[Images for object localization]
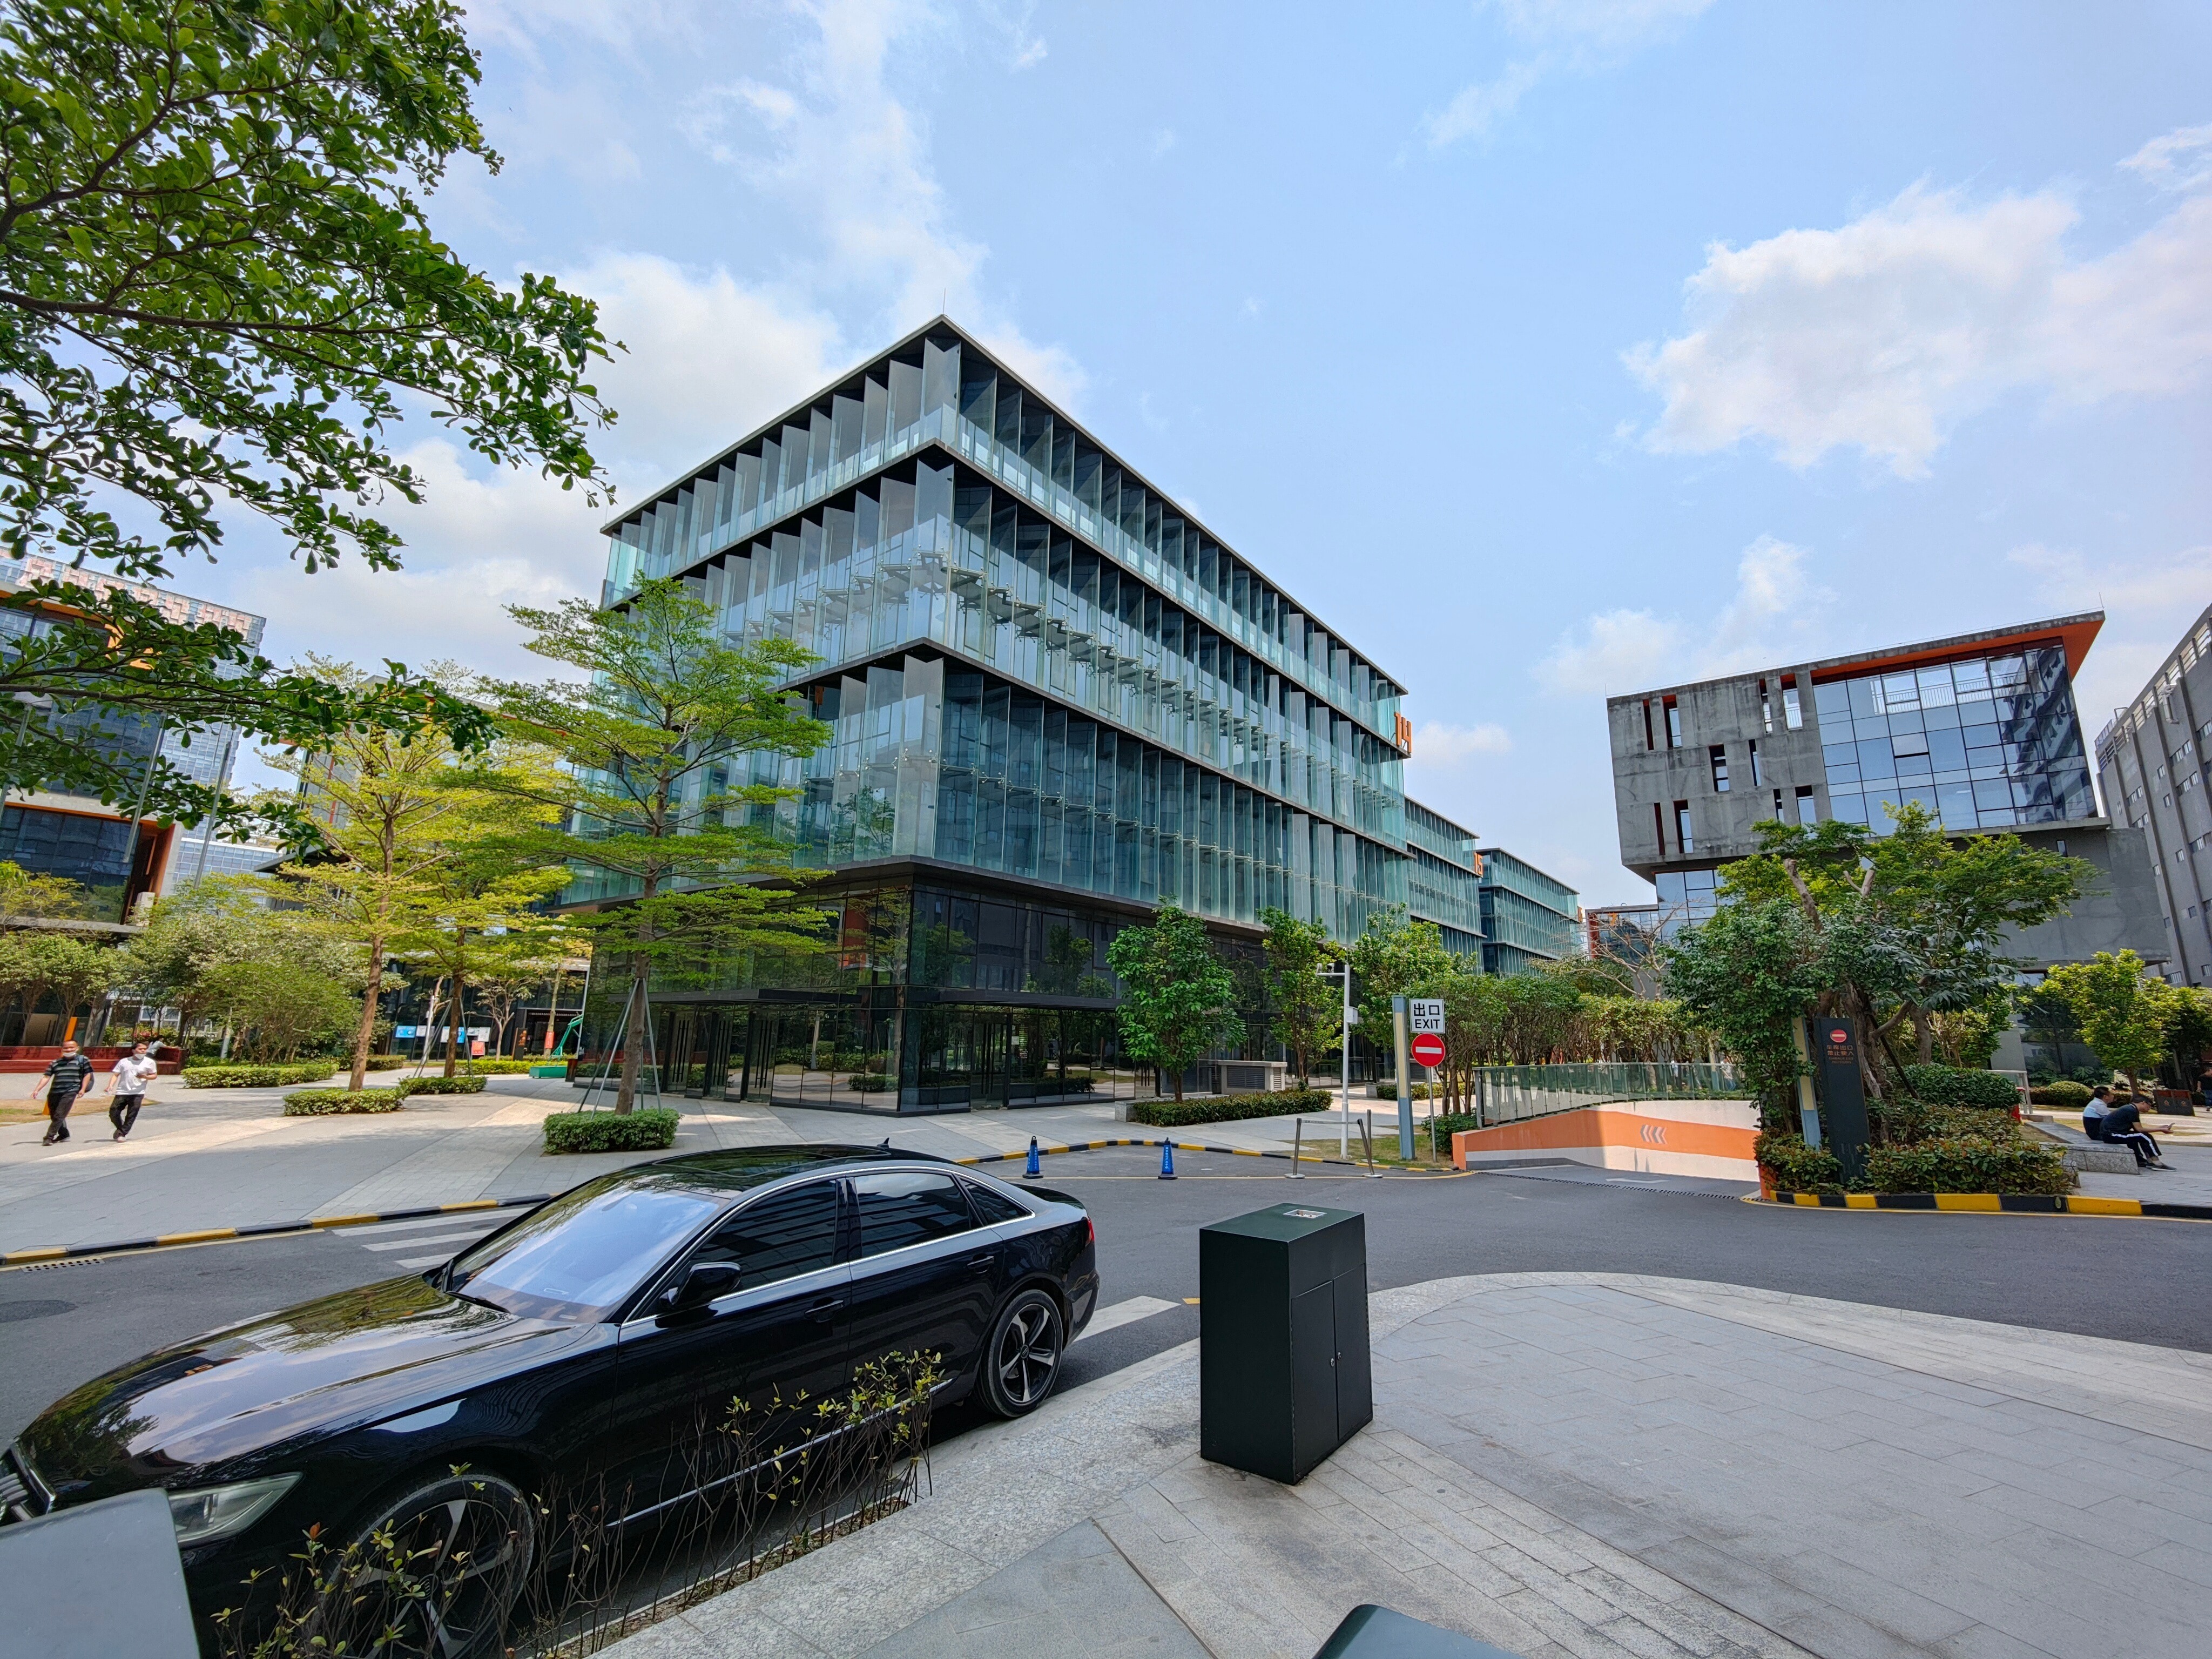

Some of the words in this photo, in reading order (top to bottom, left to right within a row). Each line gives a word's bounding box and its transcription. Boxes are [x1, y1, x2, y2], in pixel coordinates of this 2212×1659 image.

[1394, 711, 1412, 753] 14
[1474, 852, 1483, 875] 15
[1414, 1003, 1440, 1016] 出口
[1415, 1019, 1440, 1029] EXIT
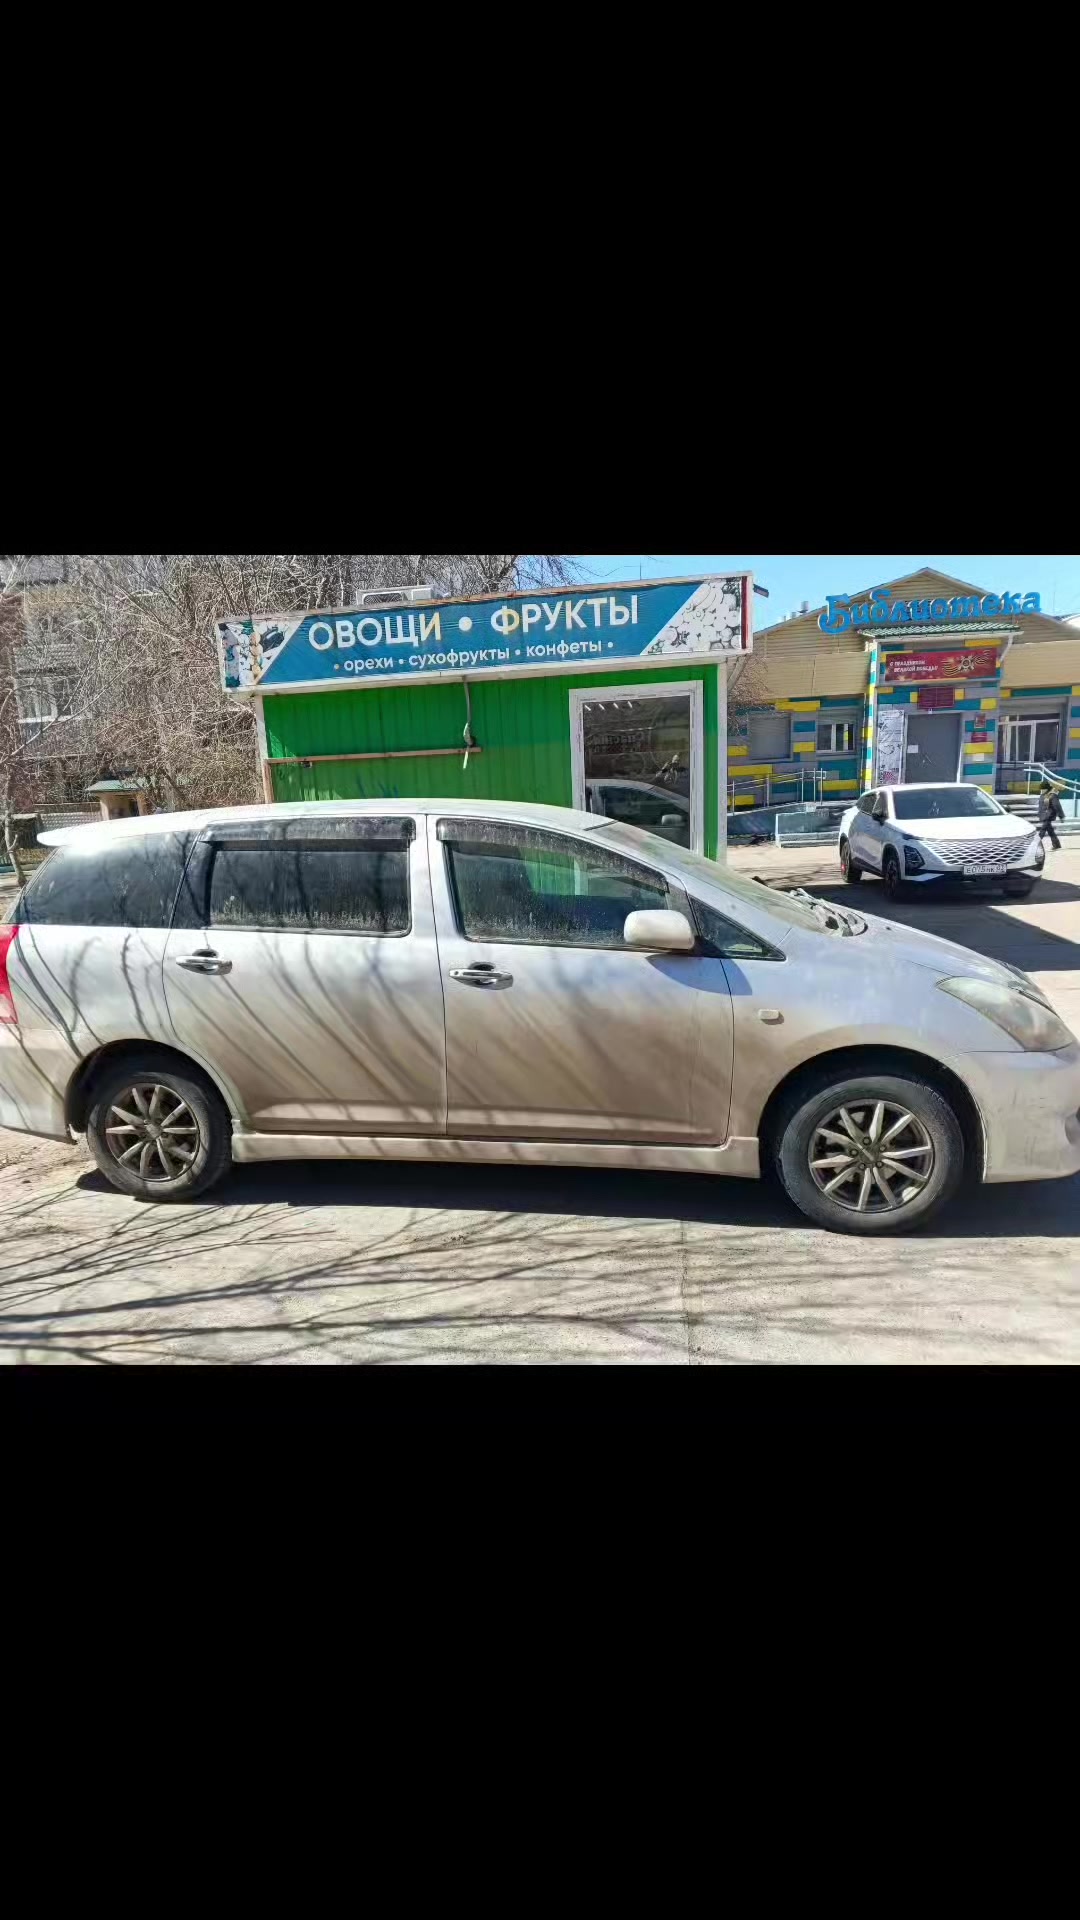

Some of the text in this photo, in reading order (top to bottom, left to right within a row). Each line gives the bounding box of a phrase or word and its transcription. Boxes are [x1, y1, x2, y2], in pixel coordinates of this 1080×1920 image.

[308, 594, 638, 651] ОВОЩИ ФРУКТЫ
[817, 589, 1042, 635] Библиотека
[343, 639, 602, 674] орехи сухофрукты конфеты
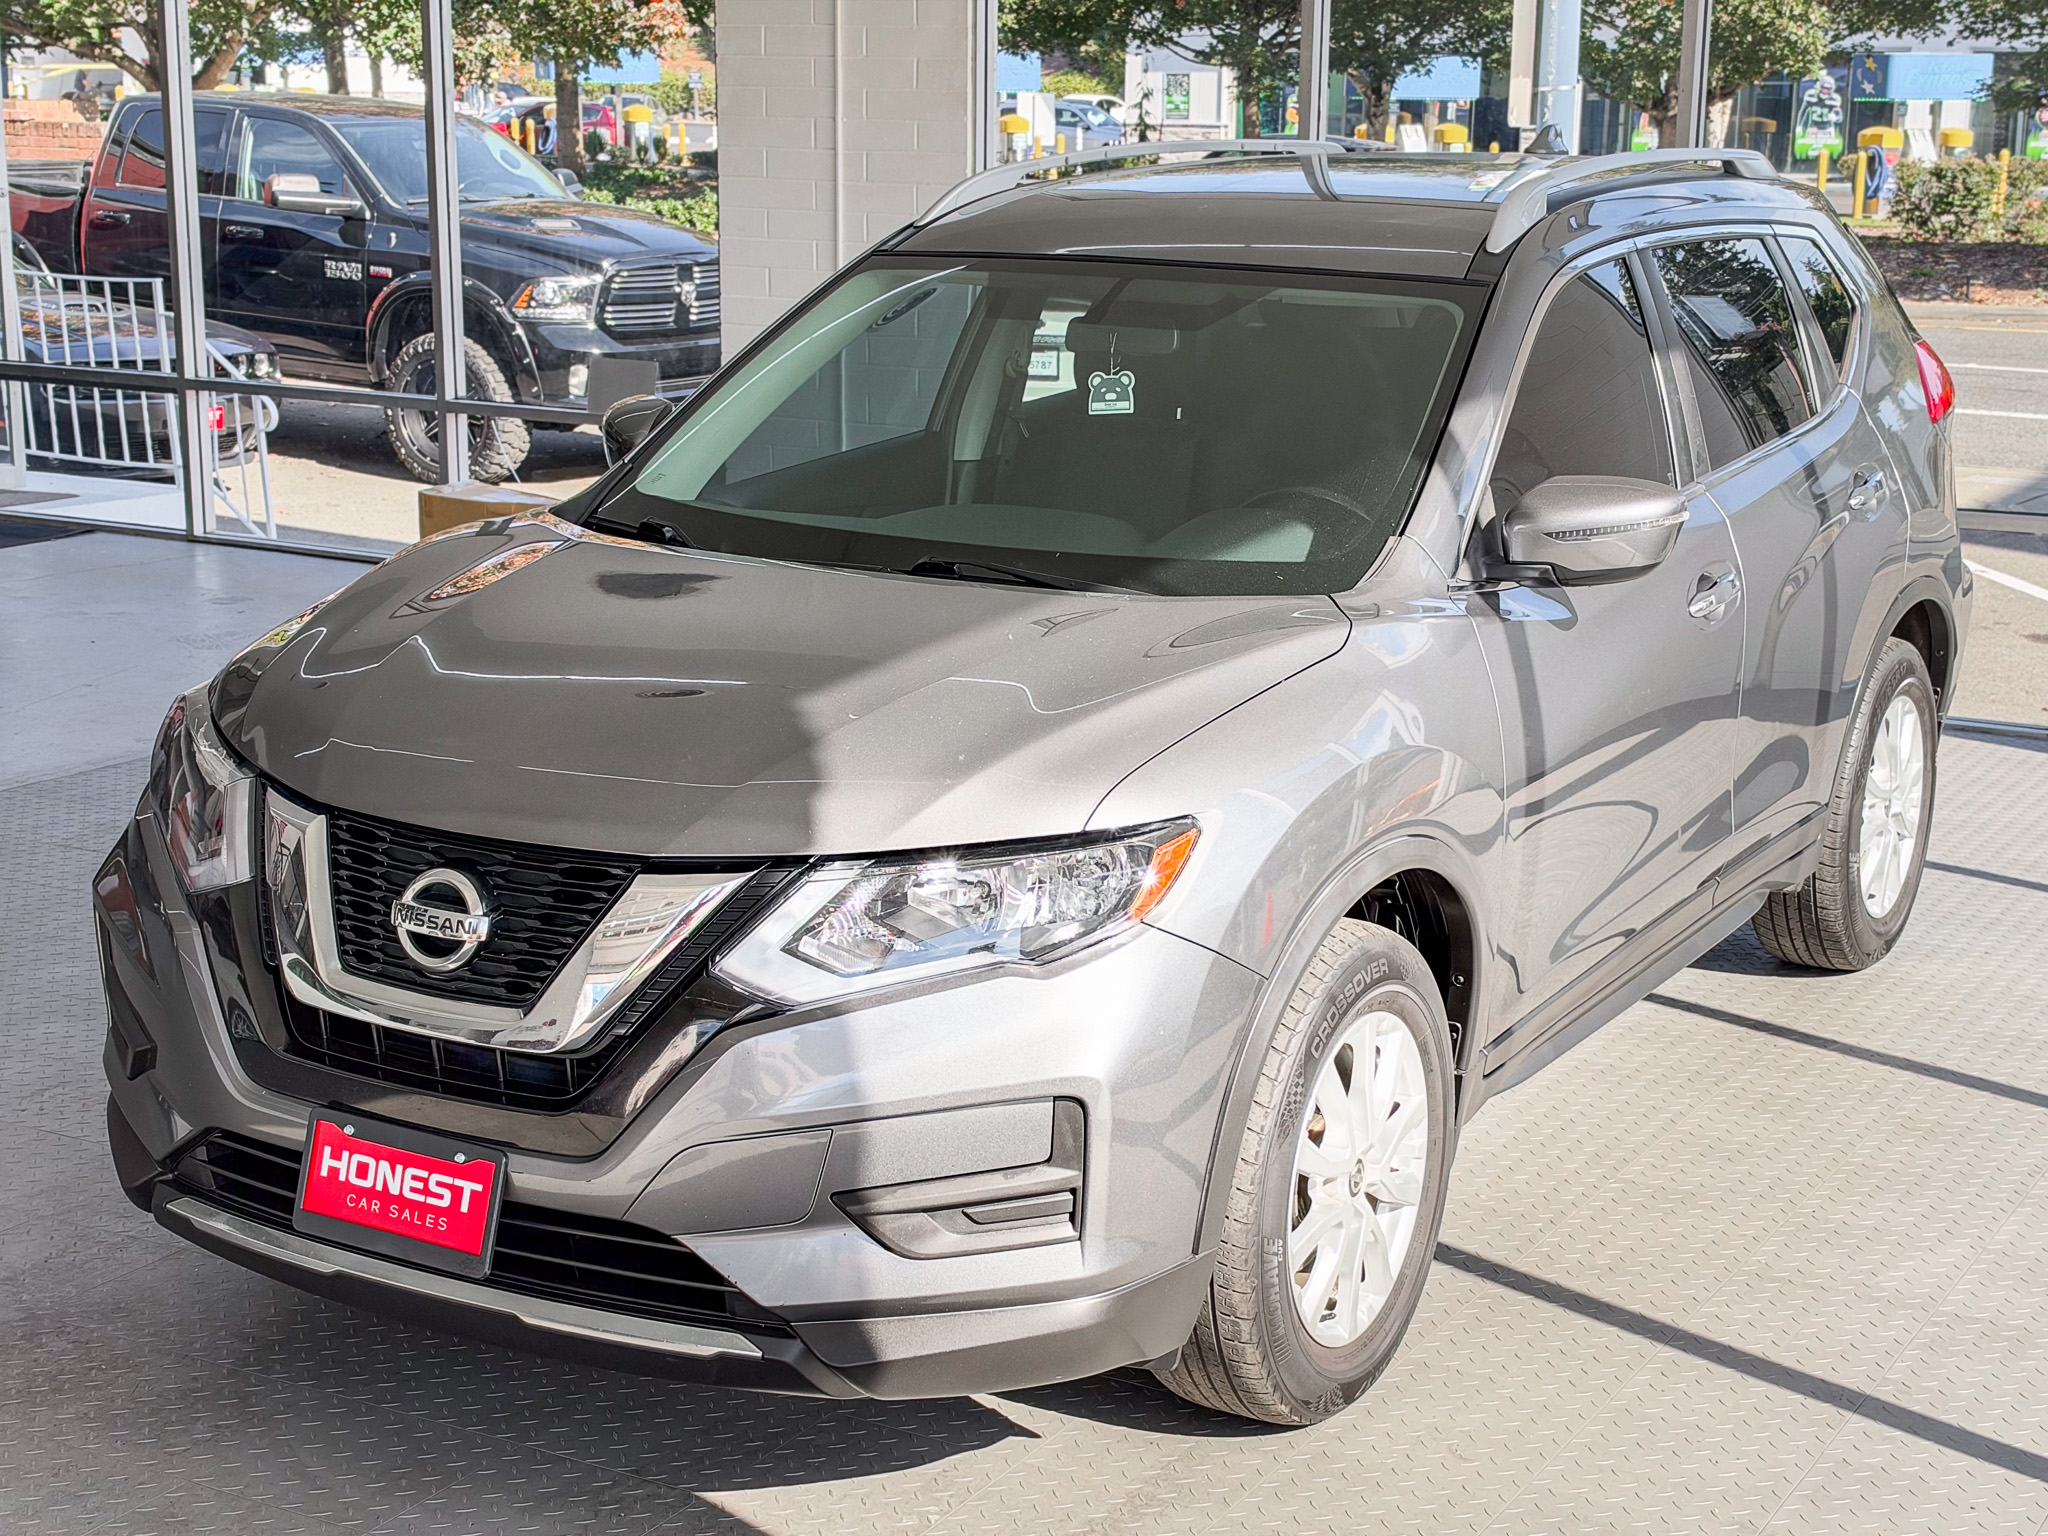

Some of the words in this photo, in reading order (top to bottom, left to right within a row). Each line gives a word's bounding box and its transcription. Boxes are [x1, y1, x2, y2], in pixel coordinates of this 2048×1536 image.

__WHAT NEEDS TO BE DONE__
What is needed is a word-for-word copy of the data above, free of any images.

__SOLUTION FOR THIS EXERCISE__
Some of the words in this photo, in reading order (top to bottom, left to right within a row). Each line gives a word's bounding box and its transcription. Boxes are [x1, y1, x2, y2], in pixel coordinates of this 2212×1659 image.

[1394, 711, 1412, 753] 14
[1474, 852, 1483, 875] 15
[1414, 1003, 1440, 1016] 出口
[1415, 1019, 1440, 1029] EXIT

Some of the text in this photo, in reading order (top to bottom, left to right within a row). Each line gives the bounding box of a phrase or word and its transcription. Boxes are [x1, y1, x2, y2], in pixel coordinates of this 1080×1920 image.

[308, 594, 638, 651] ОВОЩИ ФРУКТЫ
[817, 589, 1042, 635] Библиотека
[343, 639, 602, 674] орехи сухофрукты конфеты

Some of the words in this photo, in reading order (top to bottom, left to right within a row). Each line gives a word's bounding box and its transcription. Boxes are [x1, y1, x2, y2], in pixel coordinates of this 2048×1536 image.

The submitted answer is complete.